- [ASSIGNED TASK]: Transcribe the data exactly, pictures excluded.

Image-backed grounding data:
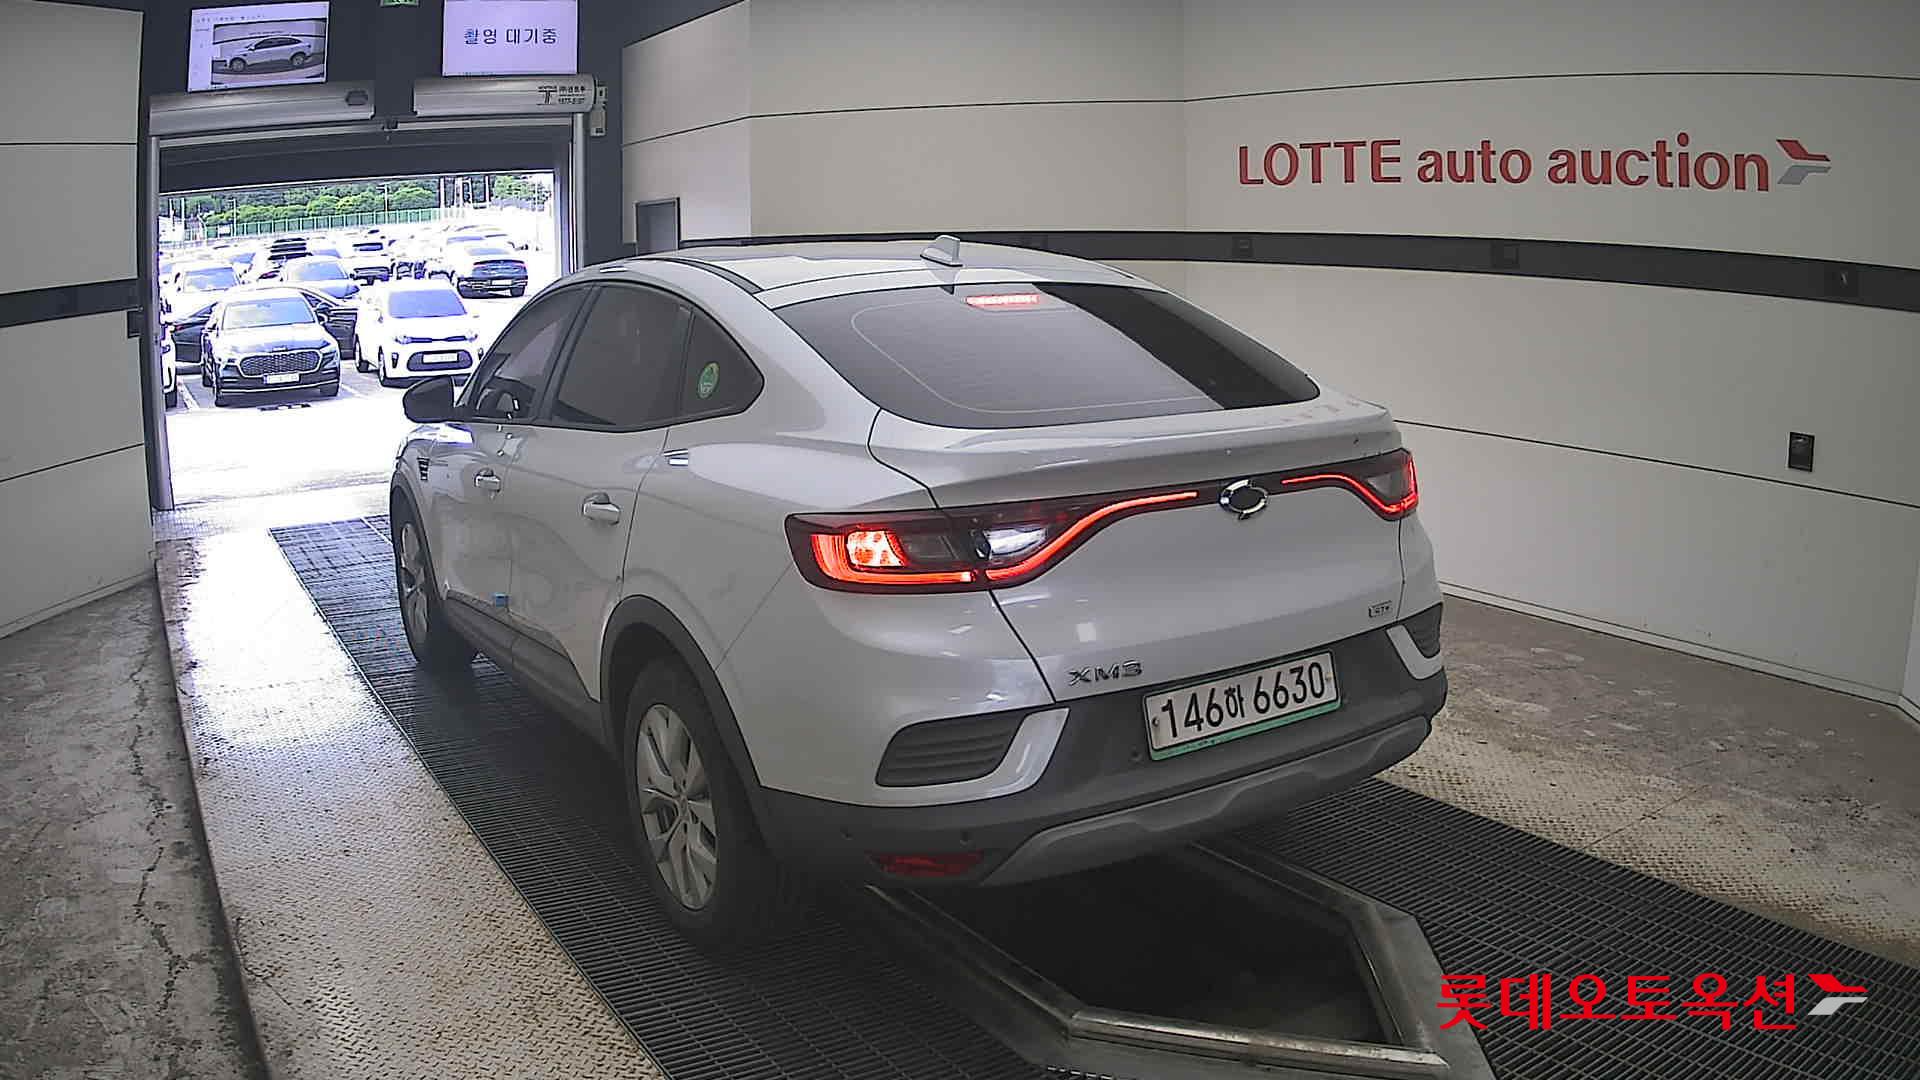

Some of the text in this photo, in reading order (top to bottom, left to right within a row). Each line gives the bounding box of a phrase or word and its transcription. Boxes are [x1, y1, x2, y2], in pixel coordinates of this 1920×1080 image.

[506, 28, 556, 45] 대기중
[1239, 131, 1771, 191] LOTTE auto auction
[1068, 659, 1143, 686] XM3
[1161, 661, 1326, 738] 146하 6630
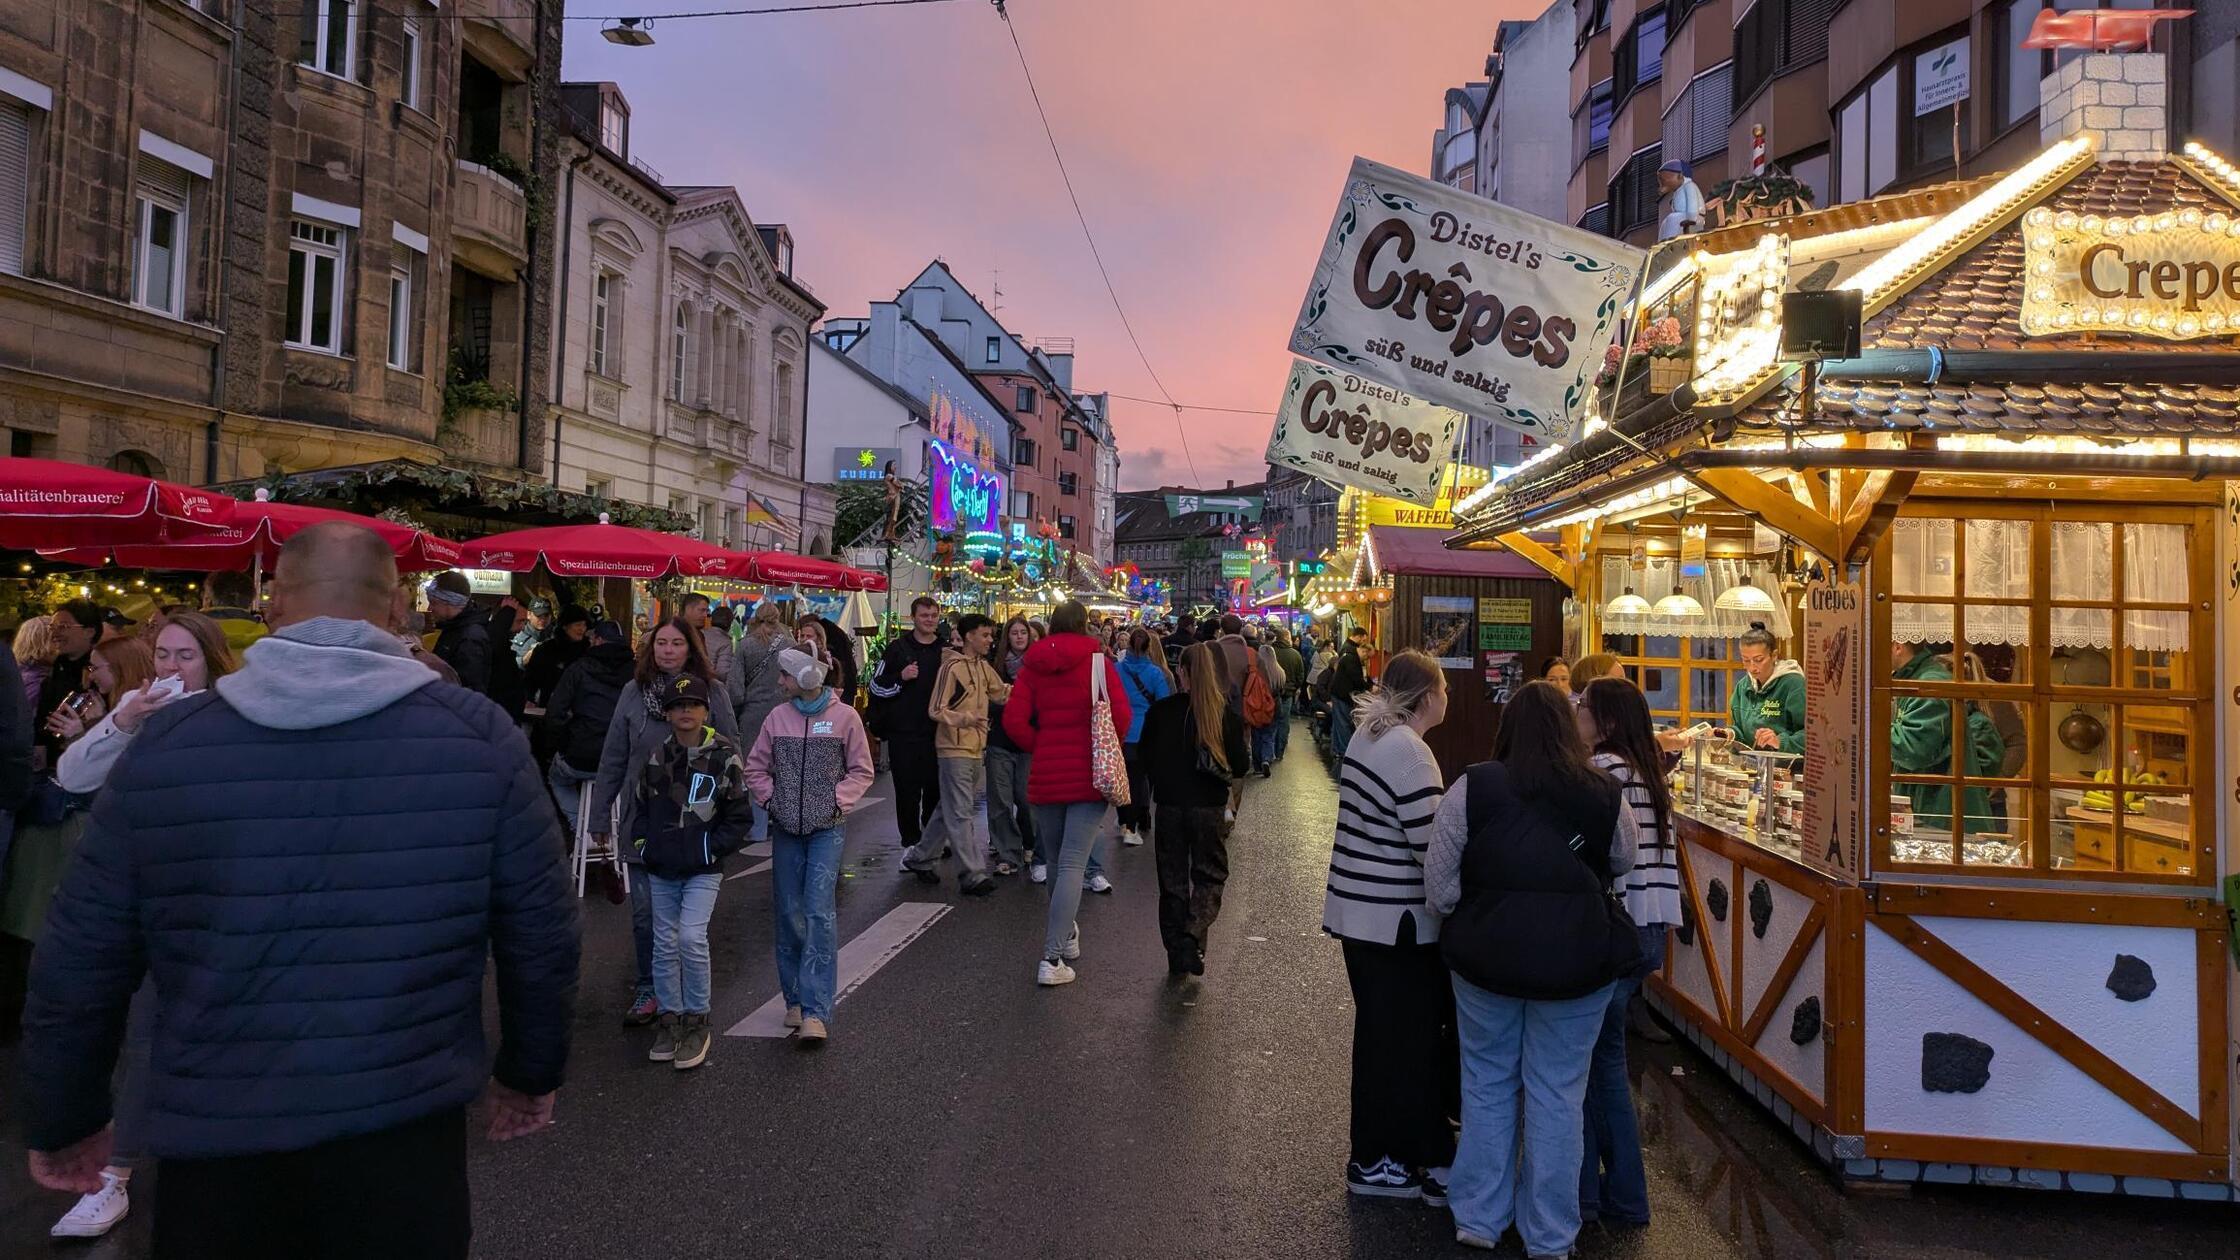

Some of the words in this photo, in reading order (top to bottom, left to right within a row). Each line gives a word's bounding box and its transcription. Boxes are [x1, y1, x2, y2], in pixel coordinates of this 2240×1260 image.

[1430, 211, 1543, 270] Distel's
[1353, 217, 1577, 370] Crêpes
[2080, 243, 2240, 312] Crepe
[1344, 375, 1411, 407] Distel's
[1365, 336, 1406, 362] süß
[1411, 352, 1448, 378] und
[1452, 365, 1512, 403] salzig
[1300, 379, 1433, 464] Crêpes
[840, 470, 885, 479] KUHNL
[1310, 449, 1335, 465] süß
[1337, 459, 1361, 473] und
[1363, 464, 1399, 485] salzig
[559, 559, 655, 573] Spezialitätenbrauerei
[1811, 585, 1857, 614] Crêpes

- [EXERCISE OUTPUT]:
Some of the text in this photo, in reading order (top to bottom, left to right within a row). Each line gives the bounding box of a phrase or word and its transcription. Boxes are [x1, y1, x2, y2], in pixel coordinates of this 1920×1080 image.

[506, 28, 556, 45] 대기중
[1239, 131, 1771, 191] LOTTE auto auction
[1068, 659, 1143, 686] XM3
[1161, 661, 1326, 738] 146하 6630

Some of the words in this photo, in reading order (top to bottom, left to right within a row). Each line gives a word's bounding box and its transcription. Boxes are [x1, y1, x2, y2], in pixel coordinates of this 2240×1260 image.

[1430, 211, 1543, 270] Distel's
[1353, 217, 1577, 370] Crêpes
[2080, 243, 2240, 312] Crepe
[1344, 375, 1411, 407] Distel's
[1365, 336, 1406, 362] süß
[1411, 352, 1448, 378] und
[1452, 365, 1512, 403] salzig
[1300, 379, 1433, 464] Crêpes
[840, 470, 885, 479] KUHNL
[1310, 449, 1335, 465] süß
[1337, 459, 1361, 473] und
[1363, 464, 1399, 485] salzig
[559, 559, 655, 573] Spezialitätenbrauerei
[1811, 585, 1857, 614] Crêpes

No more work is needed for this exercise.